> [Exercise details]
Leave the images out and repeat the data exactly as given.

> [Input for this task]

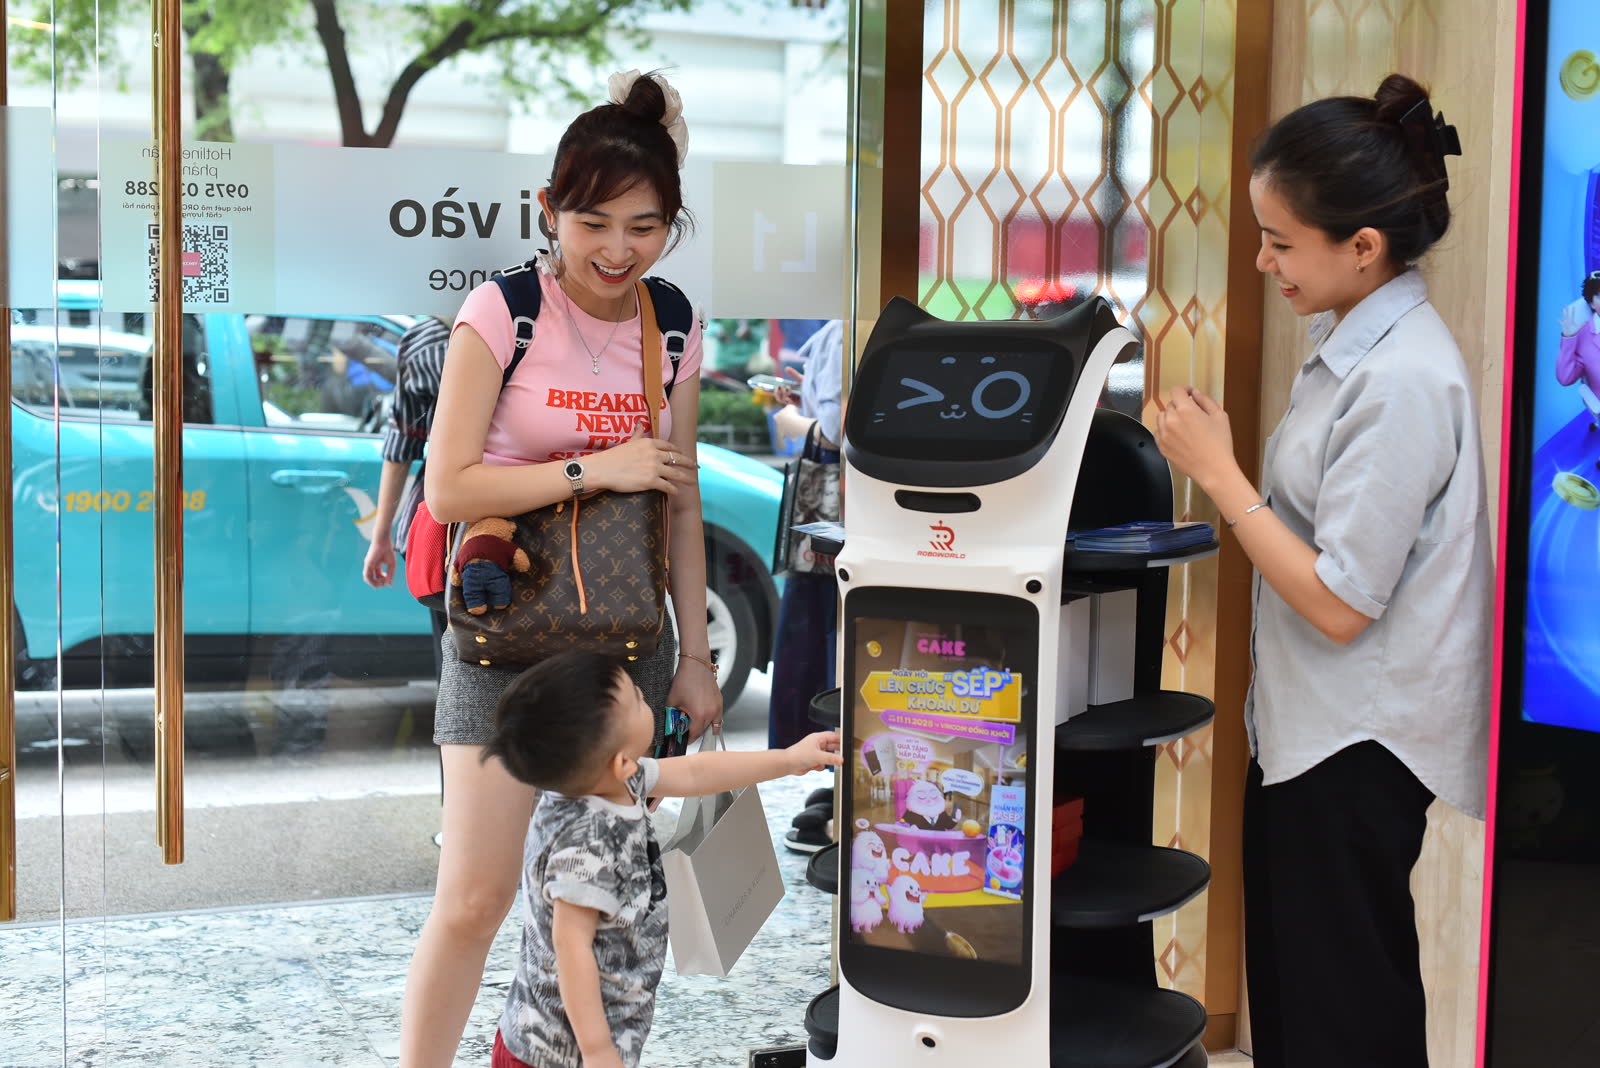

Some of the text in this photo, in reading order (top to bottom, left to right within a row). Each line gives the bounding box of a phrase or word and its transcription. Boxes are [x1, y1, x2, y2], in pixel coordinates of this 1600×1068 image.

[546, 388, 667, 412] BREAKI
[575, 412, 652, 434] NEWS
[64, 490, 131, 512] 1900
[916, 550, 967, 560] ROBOWORLD
[917, 638, 967, 657] CAKE
[878, 676, 905, 693] LÊN
[907, 677, 946, 695] CHỨC
[891, 847, 971, 877] CAKE

> [Written answer]
Some of the text in this photo, in reading order (top to bottom, left to right within a row). Each line gives the bounding box of a phrase or word and its transcription. Boxes are [x1, y1, x2, y2], in pixel coordinates of this 1600×1068 image.

[546, 388, 667, 412] BREAKI
[575, 412, 652, 434] NEWS
[64, 490, 131, 512] 1900
[916, 550, 967, 560] ROBOWORLD
[917, 638, 967, 657] CAKE
[878, 676, 905, 693] LÊN
[907, 677, 946, 695] CHỨC
[891, 847, 971, 877] CAKE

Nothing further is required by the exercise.